▸ Exercise requirements
What follows is a set of records; restate each one word for word and drop the pictures.

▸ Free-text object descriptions

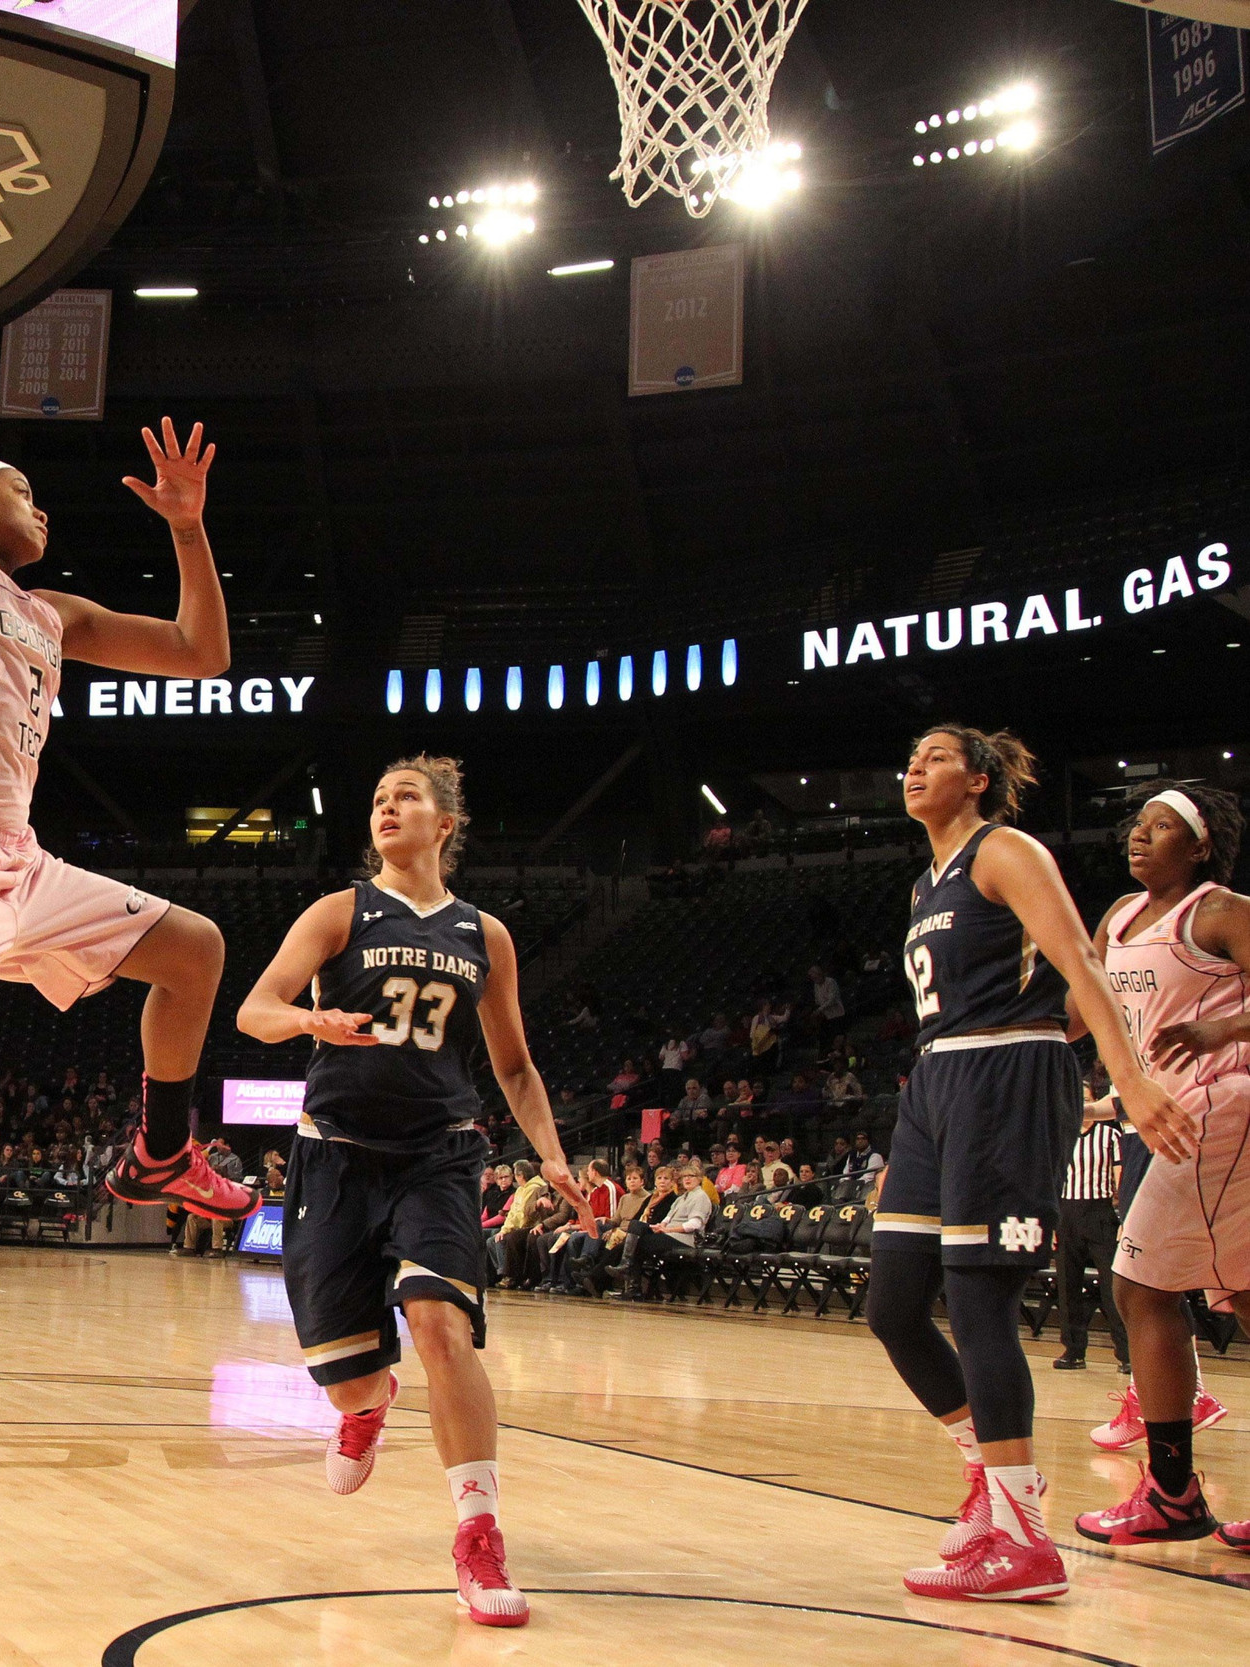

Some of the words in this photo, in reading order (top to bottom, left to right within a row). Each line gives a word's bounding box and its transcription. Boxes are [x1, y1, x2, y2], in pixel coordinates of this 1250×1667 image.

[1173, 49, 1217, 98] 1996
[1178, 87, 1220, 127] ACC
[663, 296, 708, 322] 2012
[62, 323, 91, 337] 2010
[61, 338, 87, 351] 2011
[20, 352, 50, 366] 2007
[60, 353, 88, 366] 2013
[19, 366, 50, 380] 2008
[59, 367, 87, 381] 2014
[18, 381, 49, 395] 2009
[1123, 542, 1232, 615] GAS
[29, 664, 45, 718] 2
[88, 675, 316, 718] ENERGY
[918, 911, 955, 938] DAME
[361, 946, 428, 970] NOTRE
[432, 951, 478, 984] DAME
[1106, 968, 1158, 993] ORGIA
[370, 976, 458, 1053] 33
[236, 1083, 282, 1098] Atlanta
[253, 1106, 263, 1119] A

▸ Output below
Some of the words in this photo, in reading order (top to bottom, left to right within a row). Each line gives a word's bounding box and its transcription. Boxes are [x1, y1, x2, y2], in pixel coordinates of this 1250×1667 image.

[1173, 49, 1217, 98] 1996
[1178, 87, 1220, 127] ACC
[663, 296, 708, 322] 2012
[62, 323, 91, 337] 2010
[61, 338, 87, 351] 2011
[20, 352, 50, 366] 2007
[60, 353, 88, 366] 2013
[19, 366, 50, 380] 2008
[59, 367, 87, 381] 2014
[18, 381, 49, 395] 2009
[1123, 542, 1232, 615] GAS
[29, 664, 45, 718] 2
[88, 675, 316, 718] ENERGY
[918, 911, 955, 938] DAME
[361, 946, 428, 970] NOTRE
[432, 951, 478, 984] DAME
[1106, 968, 1158, 993] ORGIA
[370, 976, 458, 1053] 33
[236, 1083, 282, 1098] Atlanta
[253, 1106, 263, 1119] A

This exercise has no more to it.